However, Eriugenian physiologia does have metaphysical implications which can allow us to regard it as assuming—in a philosophical, not historical context—a critical position in relation to metaphysics as characterized above, a position which also entails its assumption of the task of metaphysics. Two brief illustrations of this point might be given here.

(i) For Eriugena, Boethius' most comprehensive class of omne quod est, which includes God and matter, must become a totality of what is such as to be grasped by us and such as to transcend our grasp, a totality of “what is” and “what is not”. This expansion of Boethius' class is also a restriction and assimilation of “what is” to what is manifest to us: the “being” of things is the “appearing” of things.45 In this perspective, the study of the “being” common to things and in abstraction of their specific attributes must be a study of the “being” of things as “appearing”, the appearing of “what is not”. Physiologia is metaphysics, then, in its attention to the being fundamental and common to all things, but this being is understood as an appearing pointing “inwards” to that of which it is an appearing but which is not the appearing, i.e. what “is not”, what is “beyond being”.

(ii) Eriugenian physiologia can also become metaphysics if we confront it with Boethian metaphysics (theologia) to the degree that it too is a theologia, a science of divine substance,46 but a theologia which is not set off from other sciences as a special science with a special subject-matter. Physiologia, as theologia, must be a science embracing other sciences and directed towards all things, for the science of divine substance must study it as appearing in all that can be grasped. All things will then be studied in several sciences, but within the unity of a perspective in which all things are thought of as the manifestation of the divine, as theophany.47

Physiologia can thus assume the role of a metaphysical inquiry, if important changes are made in the way the subject and science of metaphysics are conceived: if “being” is seen as an “appearing” pointing to “what is not”; if metaphysics is broadened to become a universal inquiry expressing itself in several sciences and directed to all things as appearances of, but not identical to, the divine; if, in short, we renew—with important modifications—the dialectic of Plato.48

Notes

  1. De divisione naturae I, 1, Migne, Patrologia latina CXXII, 441A; translation by I. P. Sheldon-Williams Johannis Scotti Eriugenae Periphyseon (De Divisione Naturae) I, Dublin 1968, p. 36. The De divisione naturae, henceforth DDN (Periphyseon is the correct title of the work, but I follow the common usage here in referring to the DDN), will be cited by reference to column numbers in Migne, PL. The Latin text as edited by Sheldon-Williams reads as follows:

    NVTRITOR.
    Saepe mihi cogitanti diligentiusque quantum uires suppetunt inquirenti rerum omnium quae uel animo percipi possunt uel intentionem eius superant primam summamque diuisionem esse in ea quae sunt et in ea quae non sunt horum omnium generale uocabulum occurrit quod graece ΦUCΙC, latine uero natura uocitatur.

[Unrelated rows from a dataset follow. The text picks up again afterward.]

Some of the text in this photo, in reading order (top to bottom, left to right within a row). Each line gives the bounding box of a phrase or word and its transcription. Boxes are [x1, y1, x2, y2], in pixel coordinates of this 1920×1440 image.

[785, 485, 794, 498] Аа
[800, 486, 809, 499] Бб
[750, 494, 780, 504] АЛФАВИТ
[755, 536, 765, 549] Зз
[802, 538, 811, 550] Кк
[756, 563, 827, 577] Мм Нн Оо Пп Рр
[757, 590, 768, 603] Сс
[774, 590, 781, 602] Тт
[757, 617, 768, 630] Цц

An tibi aliter uidetur?
    ALVMNVS.
    Immo consentio. Nam et ego dum ratiocinandi uiam ingredior haec ita fieri reperio.
    N.
    Est igitur natura generale nomen, ut diximus, omnium quae sunt et quae non sunt?
    A.
    Est quidem. Nihil enim in uniuerso cogitationibus nostris potest occurrere quod tali uocabulo ualeat carere.

    It might have been better to translate animo percipi by “perceived by the mind” (taking “perception” in the broad sense to include both sense-perception and intellection; cf. infra, pp. 132; 135) but Sheldon-Williams' “grasped by the mind” will be retained in the following. All translations from DDN I in this article are those of Sheldon-Williams (with slight modifications).

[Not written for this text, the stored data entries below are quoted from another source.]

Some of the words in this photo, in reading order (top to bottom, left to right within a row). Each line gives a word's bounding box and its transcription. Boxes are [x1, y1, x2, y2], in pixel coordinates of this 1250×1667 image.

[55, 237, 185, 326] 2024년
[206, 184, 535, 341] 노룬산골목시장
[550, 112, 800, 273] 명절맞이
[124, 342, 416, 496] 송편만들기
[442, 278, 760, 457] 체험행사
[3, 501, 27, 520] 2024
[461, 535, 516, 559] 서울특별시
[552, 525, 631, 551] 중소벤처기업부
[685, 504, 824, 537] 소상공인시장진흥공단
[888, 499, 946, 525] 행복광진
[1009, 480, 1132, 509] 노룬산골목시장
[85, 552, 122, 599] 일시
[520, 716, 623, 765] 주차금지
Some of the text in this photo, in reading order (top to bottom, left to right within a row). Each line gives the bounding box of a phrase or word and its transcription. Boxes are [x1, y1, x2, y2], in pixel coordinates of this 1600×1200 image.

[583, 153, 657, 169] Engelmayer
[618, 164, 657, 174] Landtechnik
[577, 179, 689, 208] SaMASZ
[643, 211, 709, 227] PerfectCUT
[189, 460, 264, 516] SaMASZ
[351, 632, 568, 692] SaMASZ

  2. M. Cappuyns, Jean Scot Erigène, Louvain-Paris 1933, repr. Bruxelles 1969, p. 311; R. Roques, Remarques sur la signification de Jean Scot Erigène, in: Divinitas, XI (1967) = Miscellanea André Combes, p. 253 finds that the distinction between being and non-being (which will be seen to be fundamental to Eriugena's concept of natura) constituted a “problématique … disparate” in relation to which Eriugena did not develop his system, preferring to it the four-fold division of nature. Problems involving not only the initial concept of natura but also other parts of Book I of the DDN and their unclear bearing on the rest of the work appear to have driven Sheldon-Williams to supposing that the DDN was, in its first stage of composition, “an essay in dialectic, perhaps abandoned before completion … evidence of [this primitive version] may be seen in Book I of the final version” (op. cit., p. 5). Such a hypothesis need not however be adopted if Eriugena's ideas in Book I and in the rest of the DDN can be shown to be related and to constitute an integral project.

  3. Cf. Roques, art. cit., p. 247 n. 8: “L'inventaire de toutes ces sources [of Eriugena's doctrine], l'évaluation de leurs dosages, de leurs amalgames et de leurs utilisations devraient éclairer beaucoup la signification de l'entreprise érigénienne.”

  4. To paraphrase Gilbert of Poitiers, who quotes Cicero De inventione I, 24, 34 on the difficulty of defining natura (Commentary on Boethius' Contra Eutychen et Nestorium, ed. N. Häring, The Commentaries on Boethius by Gilbert of Poitiers, Toronto 1966, pp. 242-3).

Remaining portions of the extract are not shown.